↓

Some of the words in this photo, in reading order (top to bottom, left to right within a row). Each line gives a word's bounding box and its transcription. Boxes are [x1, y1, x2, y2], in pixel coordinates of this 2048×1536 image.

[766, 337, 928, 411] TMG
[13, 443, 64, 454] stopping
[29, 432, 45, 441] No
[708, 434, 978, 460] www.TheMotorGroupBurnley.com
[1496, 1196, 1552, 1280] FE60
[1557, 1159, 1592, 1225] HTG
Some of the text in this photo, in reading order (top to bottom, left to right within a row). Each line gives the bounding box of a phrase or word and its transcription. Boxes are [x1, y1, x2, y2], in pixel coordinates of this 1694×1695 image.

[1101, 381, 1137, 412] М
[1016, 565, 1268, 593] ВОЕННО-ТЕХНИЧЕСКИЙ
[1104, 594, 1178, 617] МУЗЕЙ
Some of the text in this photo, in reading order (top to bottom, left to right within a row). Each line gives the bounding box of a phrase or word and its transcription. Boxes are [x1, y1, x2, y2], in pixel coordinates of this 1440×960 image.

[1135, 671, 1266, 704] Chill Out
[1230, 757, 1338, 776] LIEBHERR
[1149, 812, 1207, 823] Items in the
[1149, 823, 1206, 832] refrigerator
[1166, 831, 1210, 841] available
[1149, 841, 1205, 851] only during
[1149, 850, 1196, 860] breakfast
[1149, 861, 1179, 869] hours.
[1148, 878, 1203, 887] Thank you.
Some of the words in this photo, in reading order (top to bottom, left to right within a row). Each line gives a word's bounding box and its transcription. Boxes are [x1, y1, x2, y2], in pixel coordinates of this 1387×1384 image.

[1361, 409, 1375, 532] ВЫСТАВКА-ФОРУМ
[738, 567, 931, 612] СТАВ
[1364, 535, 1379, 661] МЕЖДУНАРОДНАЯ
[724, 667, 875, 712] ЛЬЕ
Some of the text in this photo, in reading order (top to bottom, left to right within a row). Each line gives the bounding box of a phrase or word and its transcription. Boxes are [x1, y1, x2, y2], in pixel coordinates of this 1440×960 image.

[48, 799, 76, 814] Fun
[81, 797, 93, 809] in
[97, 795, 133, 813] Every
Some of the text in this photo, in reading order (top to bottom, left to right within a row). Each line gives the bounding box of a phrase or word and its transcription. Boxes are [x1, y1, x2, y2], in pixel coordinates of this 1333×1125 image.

↑

Exactly as they appear, write out the lines from the one containing "this 1694×1695 image." through the final line of the entries above, both included.

RESPONSE TO THE TASK:
Some of the text in this photo, in reading order (top to bottom, left to right within a row). Each line gives the bounding box of a phrase or word and its transcription. Boxes are [x1, y1, x2, y2], in pixel coordinates of this 1694×1695 image.

[1101, 381, 1137, 412] М
[1016, 565, 1268, 593] ВОЕННО-ТЕХНИЧЕСКИЙ
[1104, 594, 1178, 617] МУЗЕЙ
Some of the text in this photo, in reading order (top to bottom, left to right within a row). Each line gives the bounding box of a phrase or word and its transcription. Boxes are [x1, y1, x2, y2], in pixel coordinates of this 1440×960 image.

[1135, 671, 1266, 704] Chill Out
[1230, 757, 1338, 776] LIEBHERR
[1149, 812, 1207, 823] Items in the
[1149, 823, 1206, 832] refrigerator
[1166, 831, 1210, 841] available
[1149, 841, 1205, 851] only during
[1149, 850, 1196, 860] breakfast
[1149, 861, 1179, 869] hours.
[1148, 878, 1203, 887] Thank you.
Some of the words in this photo, in reading order (top to bottom, left to right within a row). Each line gives a word's bounding box and its transcription. Boxes are [x1, y1, x2, y2], in pixel coordinates of this 1387×1384 image.

[1361, 409, 1375, 532] ВЫСТАВКА-ФОРУМ
[738, 567, 931, 612] СТАВ
[1364, 535, 1379, 661] МЕЖДУНАРОДНАЯ
[724, 667, 875, 712] ЛЬЕ
Some of the text in this photo, in reading order (top to bottom, left to right within a row). Each line gives the bounding box of a phrase or word and its transcription. Boxes are [x1, y1, x2, y2], in pixel coordinates of this 1440×960 image.

[48, 799, 76, 814] Fun
[81, 797, 93, 809] in
[97, 795, 133, 813] Every
Some of the text in this photo, in reading order (top to bottom, left to right within a row). Each line gives the bounding box of a phrase or word and its transcription. Boxes are [x1, y1, x2, y2], in pixel coordinates of this 1333×1125 image.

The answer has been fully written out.